In figures released this morning, the agency said the deficit on international trade in goods widened $1.4 billion to $2.7 billion in the fourth quarter.
Exports declined led by a downturn in exports of crude oil, metals and mineral products.
For 2013 as a whole, with the current account deficit totals $60.7 billion, a $1.5 billion improvement from 2012. The current account has remained in a deficit position since the fourth quarter of 2008.
Capital flight from Canadian Treasuries
The fourth quarter current account deficit also reflects the flight of foreign investors from money market instruments. After the U.S. Fed began the process of tapering, announcing in December it would reduce its monthly bond-buying program to $75 billion US in January, money began moving out of Canadian Treasury bills toward U.S. instruments.

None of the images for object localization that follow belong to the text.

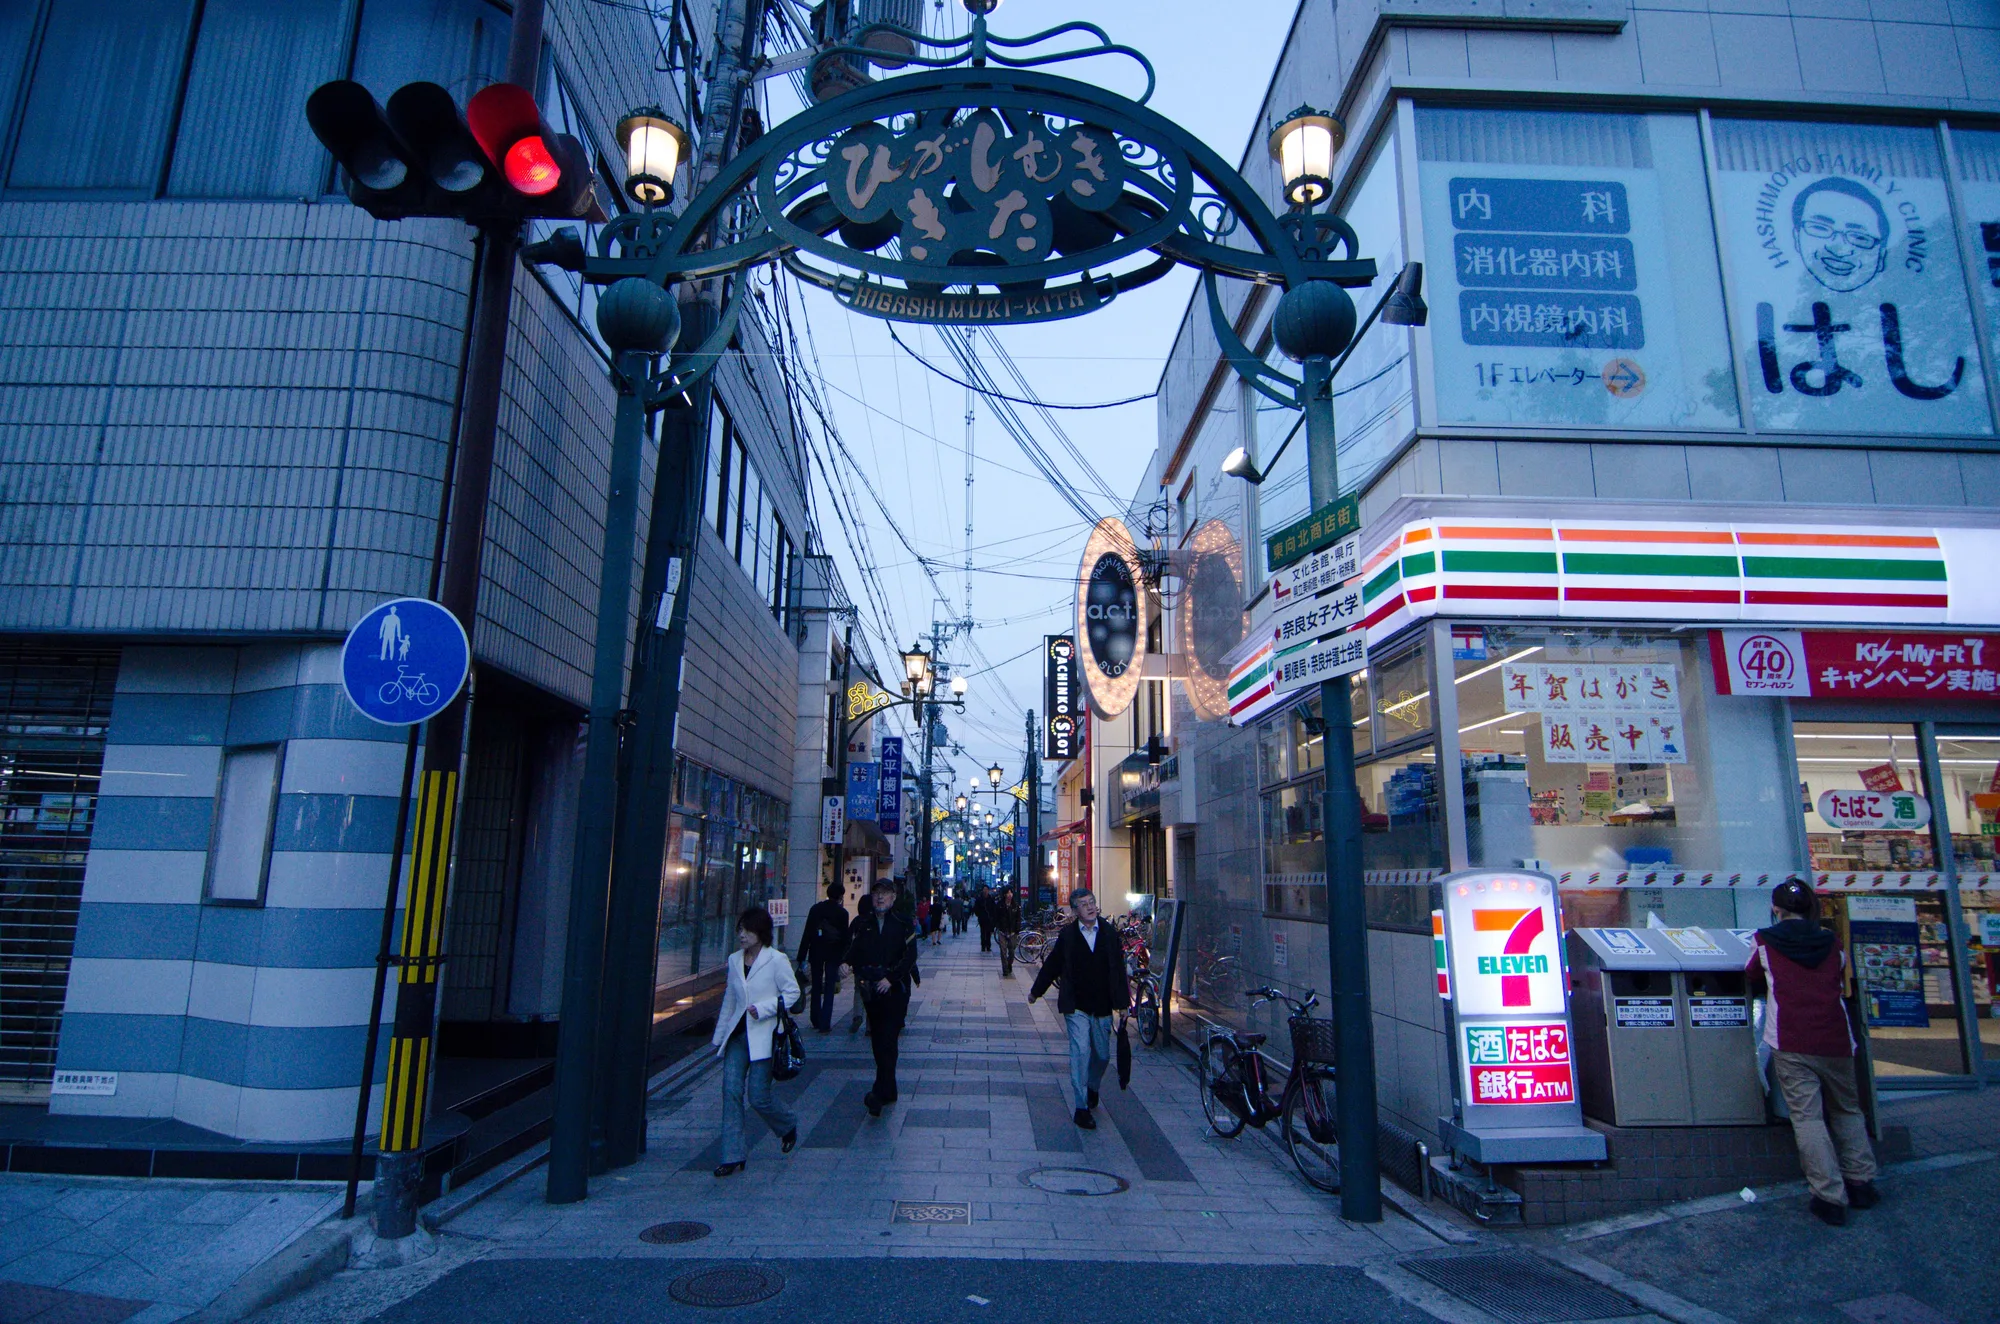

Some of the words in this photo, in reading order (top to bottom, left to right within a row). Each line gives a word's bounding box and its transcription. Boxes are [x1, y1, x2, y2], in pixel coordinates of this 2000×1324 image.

[841, 121, 1108, 210] ひがしむき
[907, 187, 1039, 262] きた
[1756, 157, 1812, 269] HASHIMOTO
[1818, 153, 1901, 195] FAMILY
[1898, 201, 1927, 273] CLINIC
[1464, 245, 1624, 281] 消化器内科
[855, 286, 1085, 320] HIGASHIMUKI-KITA
[1470, 303, 1632, 337] 内視鏡内科
[1756, 301, 1965, 400] はし
[1473, 362, 1504, 387] 1F
[1508, 364, 1603, 385] エレベーター
[1273, 505, 1350, 561] 東向北商店街
[1282, 593, 1359, 640] 奈良女子大学
[1099, 660, 1128, 676] SLOT
[1284, 639, 1363, 682] 郵便局・奈良弁護士会館
[1746, 650, 1785, 679] 40
[1055, 646, 1070, 714] PACHINKO
[1508, 673, 1671, 702] 年賀はがき
[1055, 722, 1069, 756] SLOT
[1549, 724, 1644, 752] 販売中
[882, 741, 898, 810] 木平歯科
[1831, 795, 1884, 819] たばこ
[1892, 796, 1917, 820] 酒
[1472, 906, 1544, 1006] 7
[1470, 1029, 1504, 1063] 酒
[1508, 1028, 1567, 1062] たばこ
[1478, 1070, 1534, 1100] 銀行
[1533, 1081, 1568, 1097] ATM
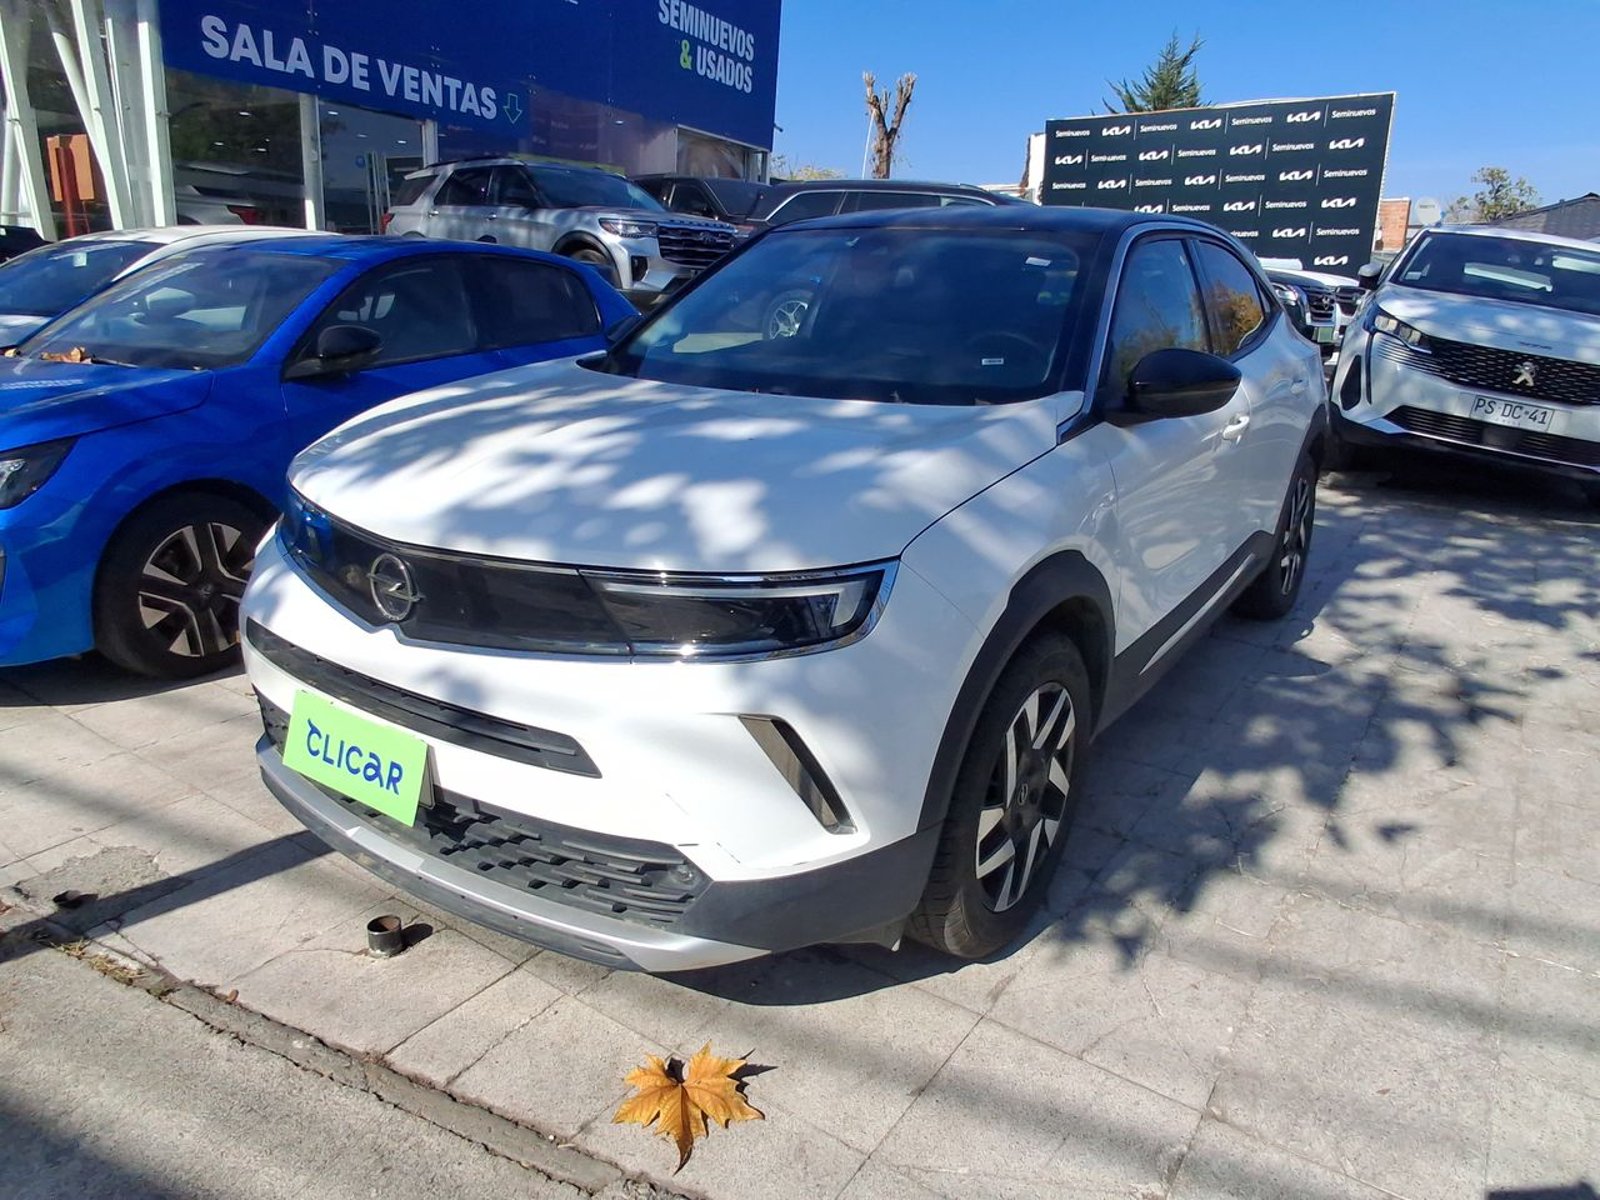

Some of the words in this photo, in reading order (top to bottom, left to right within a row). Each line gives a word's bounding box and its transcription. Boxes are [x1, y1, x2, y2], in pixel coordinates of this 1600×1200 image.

Statistics Canada said there was a sharp $8.9 billion divestment in money market instruments, with some of that investment moving into equities and bonds. For 2013 as a whole, foreign investment in Canadian securities decelerated in 2013 to $42.8 billion, compared to $83.2 billion in 2012.
“The compositional shift in foreign portfolio holdings — away from Treasury bills and towards equities and bonds — can be tied to the prospect of higher interest rates over the medium-term and the onset of tapering by the Fed reserve,” TD Bank economist Jonathan Bendiner said in a note to investors.
He predicts there will be better results in 2014, as the lower Canadian dollar boosts exports.
“Looking ahead to 2014, despite an anticipated weather-related slowdown in 2014Q1, U.S. economic activity is expected to accelerate over the course of 2014 which should provide a boost to Canada's export sector alongside a weaker loonie,” he said.